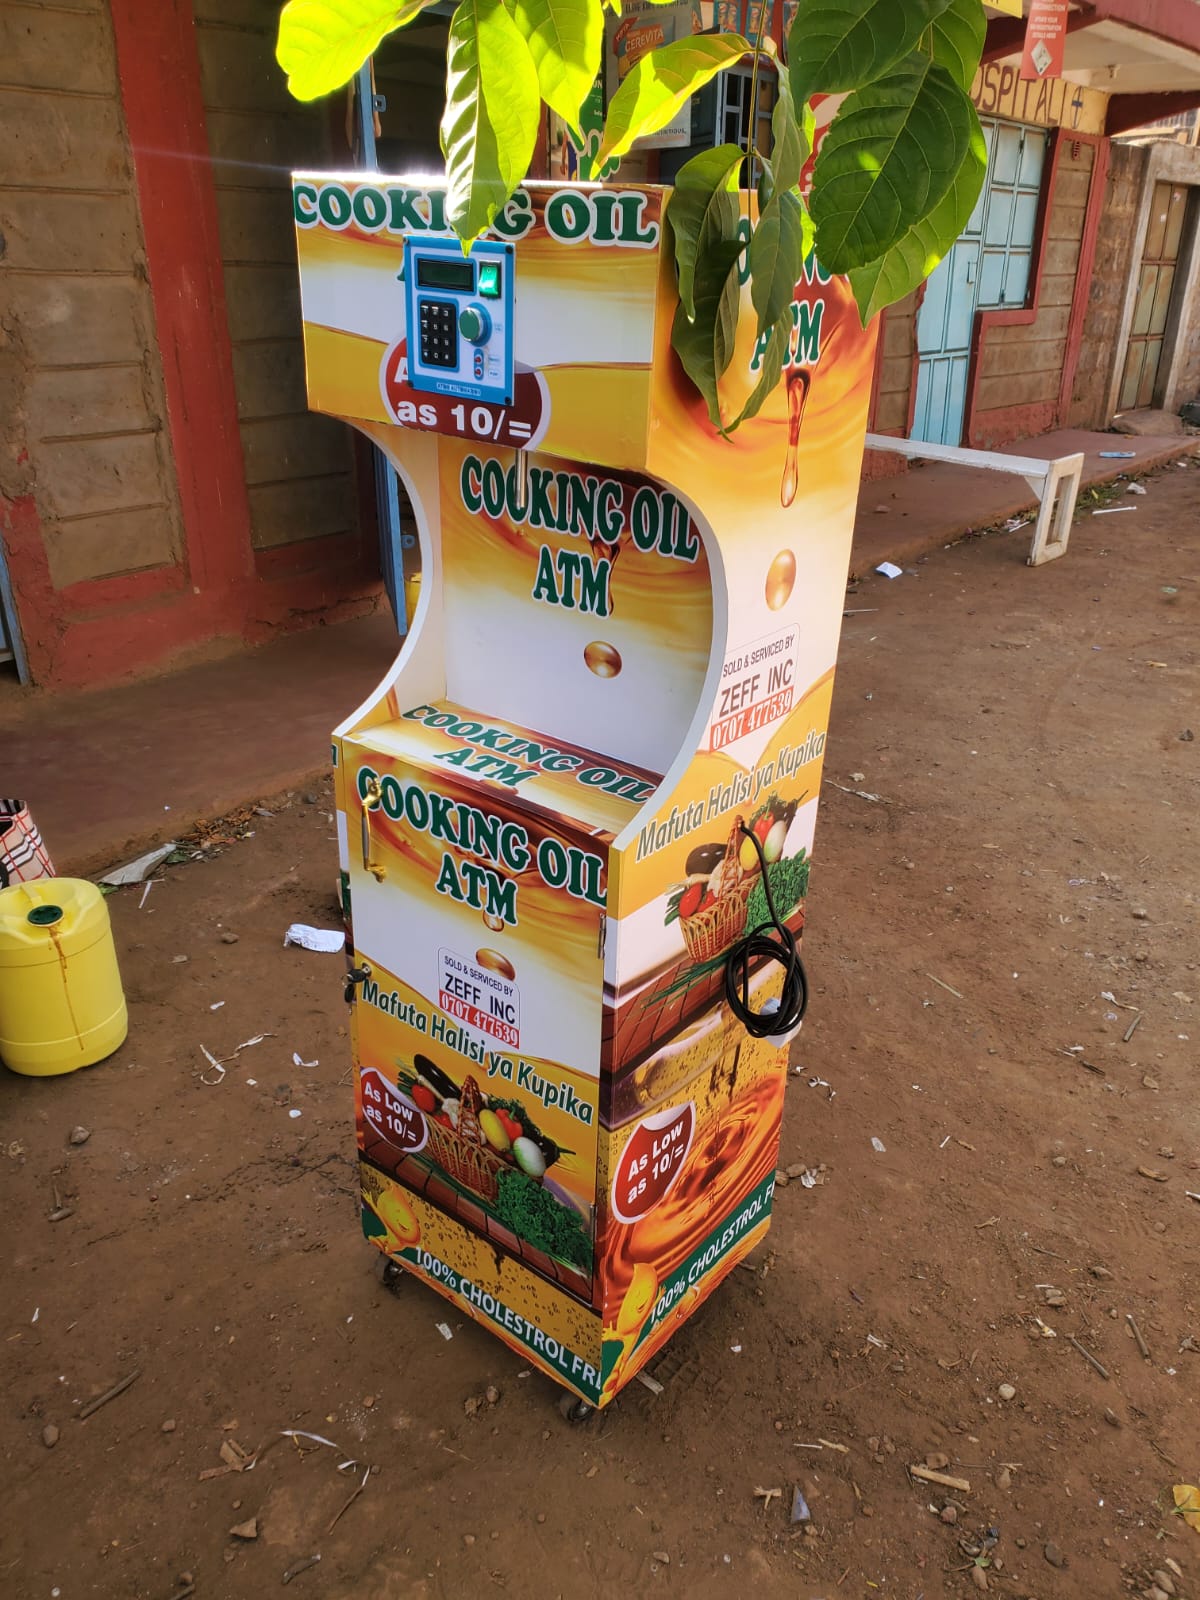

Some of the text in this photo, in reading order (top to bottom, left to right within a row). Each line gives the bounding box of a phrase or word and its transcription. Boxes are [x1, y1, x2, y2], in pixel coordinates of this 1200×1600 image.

[625, 28, 664, 52] CEREVITA
[967, 62, 1058, 123] OSPITAL
[293, 184, 657, 246] COOKIG OIL
[397, 401, 532, 440] as 10/=
[461, 455, 698, 561] COOKING OIL
[533, 546, 610, 617] ATM
[723, 634, 794, 677] SOLD & SERVICED BY
[719, 659, 793, 718] ZEFF INC
[713, 691, 792, 749] 0707 477539
[402, 705, 655, 802] COOKING OIL
[434, 748, 538, 787] ATM
[636, 731, 826, 862] Mafuta Halisi ya Kupika
[358, 767, 607, 906] COOKING OIL
[437, 854, 517, 924] ATM
[445, 956, 513, 997] SOLD & SERVICED BY
[445, 973, 515, 1024] ZEFF INC
[442, 993, 517, 1046] 0707 477539
[362, 979, 593, 1124] Mafuta Halisi ya Kupika
[367, 1105, 416, 1141] as 10/=
[628, 1144, 684, 1203] as 10/=
[651, 1276, 685, 1323] 100%
[688, 1200, 762, 1283] CHOLESTROL
[415, 1246, 457, 1288] 100%
[460, 1278, 568, 1368] CHOLESTROL

+===+

What you have to do: Restate every line above exactly, omitting images.

Task answer:
Some of the text in this photo, in reading order (top to bottom, left to right within a row). Each line gives the bounding box of a phrase or word and its transcription. Boxes are [x1, y1, x2, y2], in pixel coordinates of this 1200×1600 image.

[625, 28, 664, 52] CEREVITA
[967, 62, 1058, 123] OSPITAL
[293, 184, 657, 246] COOKIG OIL
[397, 401, 532, 440] as 10/=
[461, 455, 698, 561] COOKING OIL
[533, 546, 610, 617] ATM
[723, 634, 794, 677] SOLD & SERVICED BY
[719, 659, 793, 718] ZEFF INC
[713, 691, 792, 749] 0707 477539
[402, 705, 655, 802] COOKING OIL
[434, 748, 538, 787] ATM
[636, 731, 826, 862] Mafuta Halisi ya Kupika
[358, 767, 607, 906] COOKING OIL
[437, 854, 517, 924] ATM
[445, 956, 513, 997] SOLD & SERVICED BY
[445, 973, 515, 1024] ZEFF INC
[442, 993, 517, 1046] 0707 477539
[362, 979, 593, 1124] Mafuta Halisi ya Kupika
[367, 1105, 416, 1141] as 10/=
[628, 1144, 684, 1203] as 10/=
[651, 1276, 685, 1323] 100%
[688, 1200, 762, 1283] CHOLESTROL
[415, 1246, 457, 1288] 100%
[460, 1278, 568, 1368] CHOLESTROL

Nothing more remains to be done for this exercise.